2) Adversary Emulation: Red teams must test their organization’s security controls using adversary techniques. The goals of these emulations are assessing the organization’s security posture and identifying gaps in the organization’s defenses. Adversary emulation results are shared with the blue team for purple teaming.
3) Gap Analysis: Blue teams utilize threat intelligence and adversary emulation results to analyze prevention and detection coverage of their defenses for adversary techniques. This assessment is called security gap analysis, and it helps both red and blue teams decide where they should focus their efforts.
4) Detection & Mitigation: The primary goal of purple teaming is improving the organization’s security posture and cyber resilience by detecting and preventing cyberattacks.

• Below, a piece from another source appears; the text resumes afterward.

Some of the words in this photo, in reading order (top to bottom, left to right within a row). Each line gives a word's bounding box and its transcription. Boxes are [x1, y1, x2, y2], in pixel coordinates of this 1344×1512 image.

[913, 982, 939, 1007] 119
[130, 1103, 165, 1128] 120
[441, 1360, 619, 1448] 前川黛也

Implementing the above use cases for purple teaming is challenging for security teams because of the following reasons:
Limited Time and Resources: Simulating hundreds of adversary TTPs by red teams is a time-consuming and resource-intensive process. On top of that, the cyber threat landscape changes constantly and requires a fast response from threat intelligence (TI), red, and blue teams. These limitations pose challenges to organizations that need trained and skilled individuals to manage continuous improvement-based processes and a high level of coordination between multiple teams such as red, blue, and TI teams.

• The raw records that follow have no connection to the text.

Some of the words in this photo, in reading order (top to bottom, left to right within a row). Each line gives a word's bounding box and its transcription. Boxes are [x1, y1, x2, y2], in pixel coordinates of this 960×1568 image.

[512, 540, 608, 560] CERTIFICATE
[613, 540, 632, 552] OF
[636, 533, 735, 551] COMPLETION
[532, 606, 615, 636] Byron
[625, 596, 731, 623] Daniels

Prioritizing Gaps and Adversary TTPs: Complete coverage of adversary TTPs or MITRE ATT&CK techniques is not realistic or pragmatic for security teams. Therefore, red and blue teams need to prioritize TTPs and gaps found in preventing and detecting these TTPs.
Developing Actionable Mitigation and Detection Strategies: Although some resources provide generic mitigation and detection recommendations, they cannot be directly implemented in security controls most of the time.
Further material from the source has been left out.